Starmer é um escravo, assim como todos os políticos.
Porta-vozes que ficam mudos quando aqueles que os alimentam mandam e vomitam palavras quando a escrita de seus mestres manda.
Sinto-me mal do estômago e do coração ao entrar no mundo fictício da política.
Qualquer coisa que eles inventam é uma construção, uma mentira descarada diante da vida verdadeira.
Tentando degradar os outros, eles se degradam.
PARE DE VOTAR NUNCA MAIS.
FIQUE FORA DA ZONA DELES.

MCC
MCC
Responder a  Alma Ravn
1 ano atrás

Não basta não votar. Eu diria: eu diria, sempre faça os movimentos de votação, devolvendo um boletim de voto, mas você pode colocar Nenhum desses se não houver nenhum candidato que valha a pena votar.

grande rabugento
grande rabugento
1 ano atrás

Como Starmer é um fantoche do Fórum Econômico Mundial, tendo a pensar que tudo o que ele apoia é quase certamente em detrimento do nosso país. Até agora, ele tem se mostrado um estranho à verdade. A maioria do Gabinete também. Se não estão fazendo nada deliberadamente, a mando dos globalistas, devem ser o governo mais incompetente da história!

esers
esers
1 ano atrás

Parece que o astro gay está querendo roubar mais dinheiro do público para "financiar" os "negócios" dos amigos... como sempre, tudo feito sem pedir permissão às pessoas, empurrando-o goela abaixo delas de lado.

Paul Watson
Paul Watson
Responder a  esers
1 ano atrás

É o que a classe política faz de melhor

hejaro
hejaro
1 ano atrás

Serão estas as Cidades Carta permitidas pelo Brexit sobre as quais fomos avisados?

Paul Watson
Paul Watson
Responder a  hejaro
1 ano atrás

Ainda não superei a derrota!!!

SuziAlkamyst
SuziAlkamyst
1 ano atrás

Já existe legislação em vigor que permite que empresas de tecnologia de comunicação construam as estruturas que desejarem, sem a necessidade de autorização de planejamento da prefeitura.
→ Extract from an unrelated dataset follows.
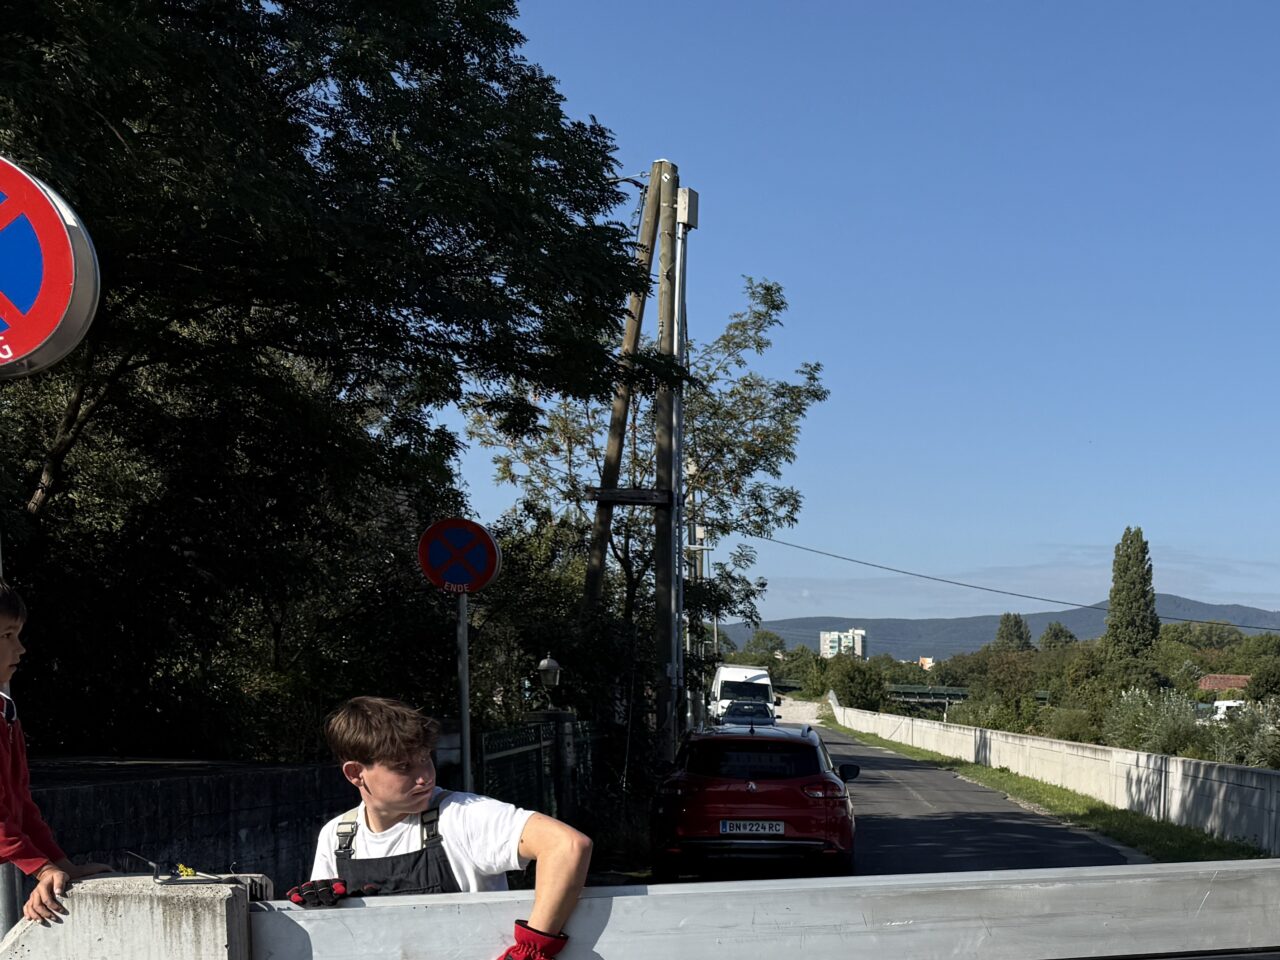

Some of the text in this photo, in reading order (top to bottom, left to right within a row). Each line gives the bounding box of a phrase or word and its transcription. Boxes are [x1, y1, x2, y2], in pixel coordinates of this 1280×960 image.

[443, 581, 470, 593] ENDE
[729, 822, 780, 832] BN 224 RC
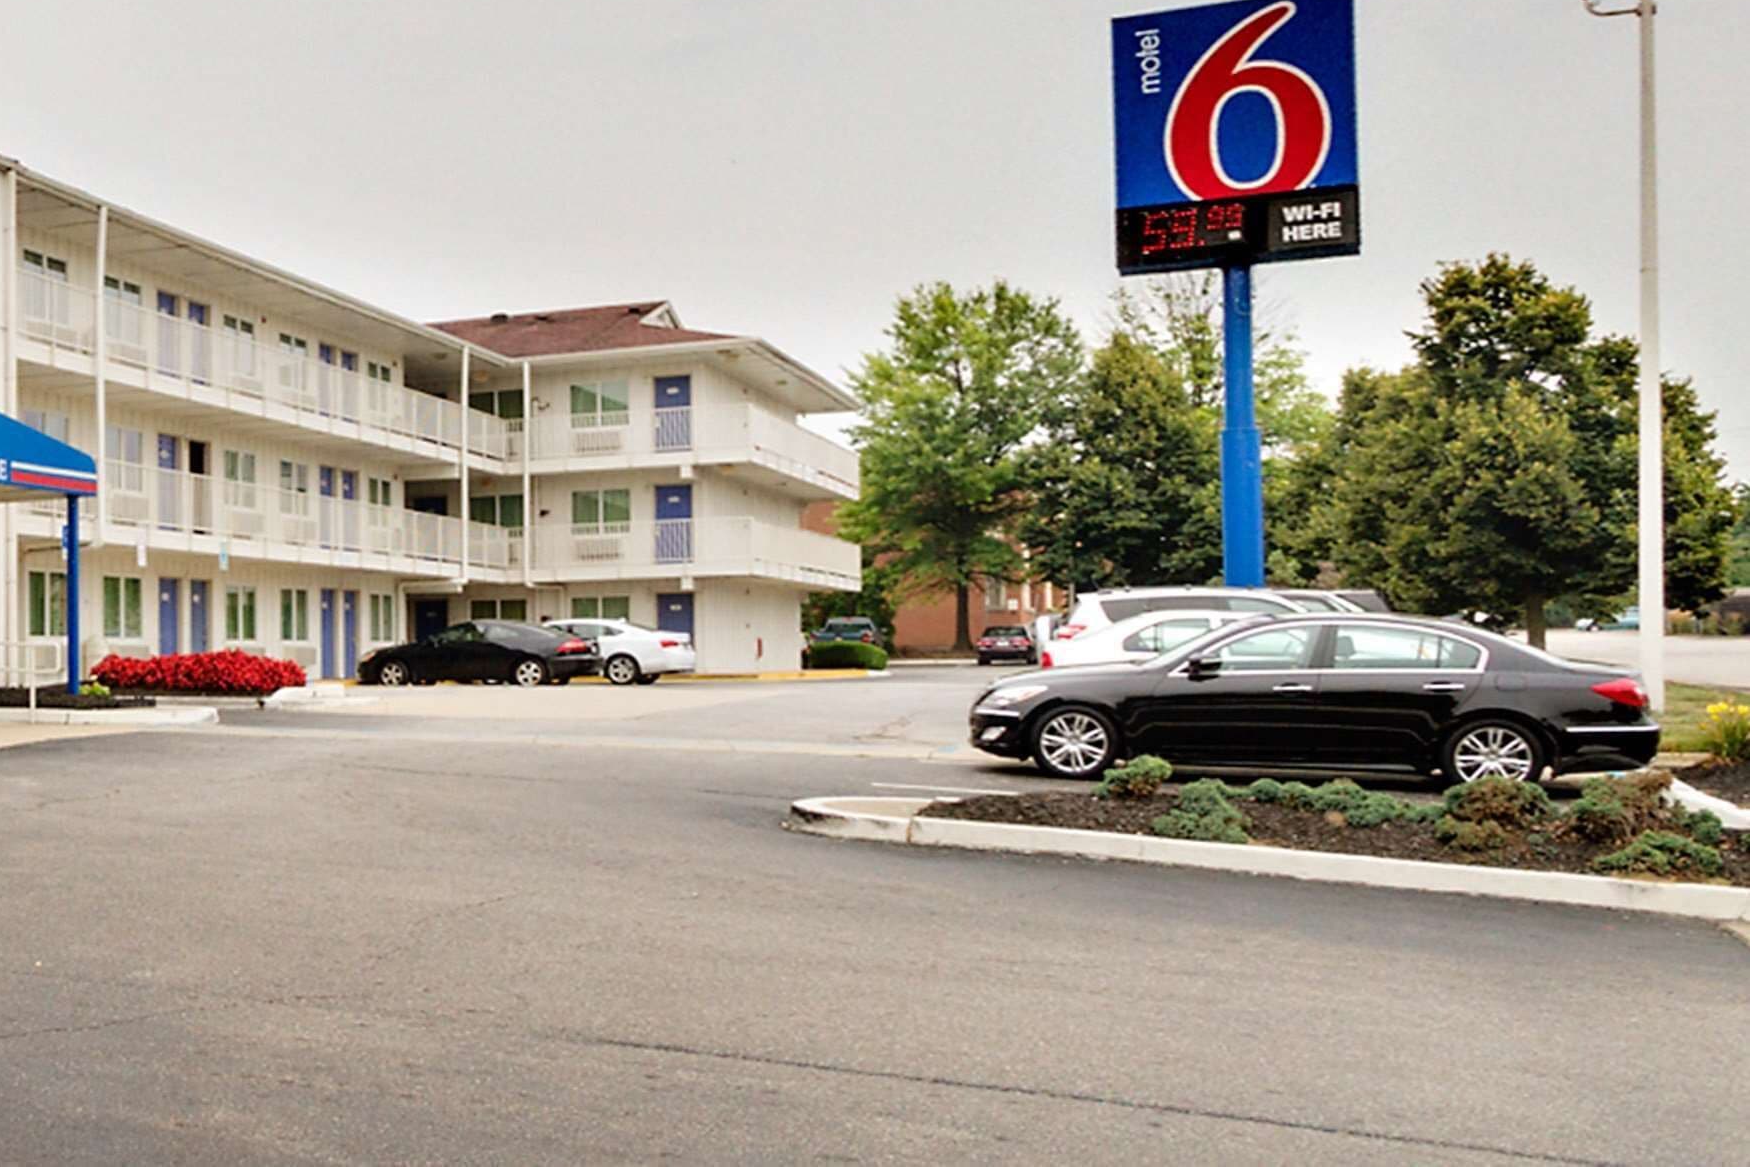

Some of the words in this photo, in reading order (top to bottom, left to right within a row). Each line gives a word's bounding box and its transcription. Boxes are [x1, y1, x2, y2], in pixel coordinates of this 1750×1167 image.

O governo "grande" já efetivamente retirou das autoridades locais eleitas o controle sobre essa área (antenas de celular, etc.), que elas deveriam supervisionar em nome da população.

jsinton
jsinton
1 ano atrás

Por que as economias dos impérios caem? Intervenção governamental. O que acontece quando os governos intervêm? Eles criam a necessidade de mais intervenção.

Paul Watson
Paul Watson
Responder a  jsinton
1 ano atrás

O governo é um parasita.

MCC
MCC
1 ano atrás

 “Dependendo do que “tecnologia de saúde” e “plataformas digitais de suporte crítico” significam na realidade…
Eu entendo que é o equivalente do Reino Unido ao Projeto Stargate dos EUA

Paul Watson
Paul Watson
1 ano atrás

Parece um pouco com o PFI.
O contribuinte assumiu todos os riscos e cobriu as perdas, enquanto as grandes empresas ficaram com todos os lucros.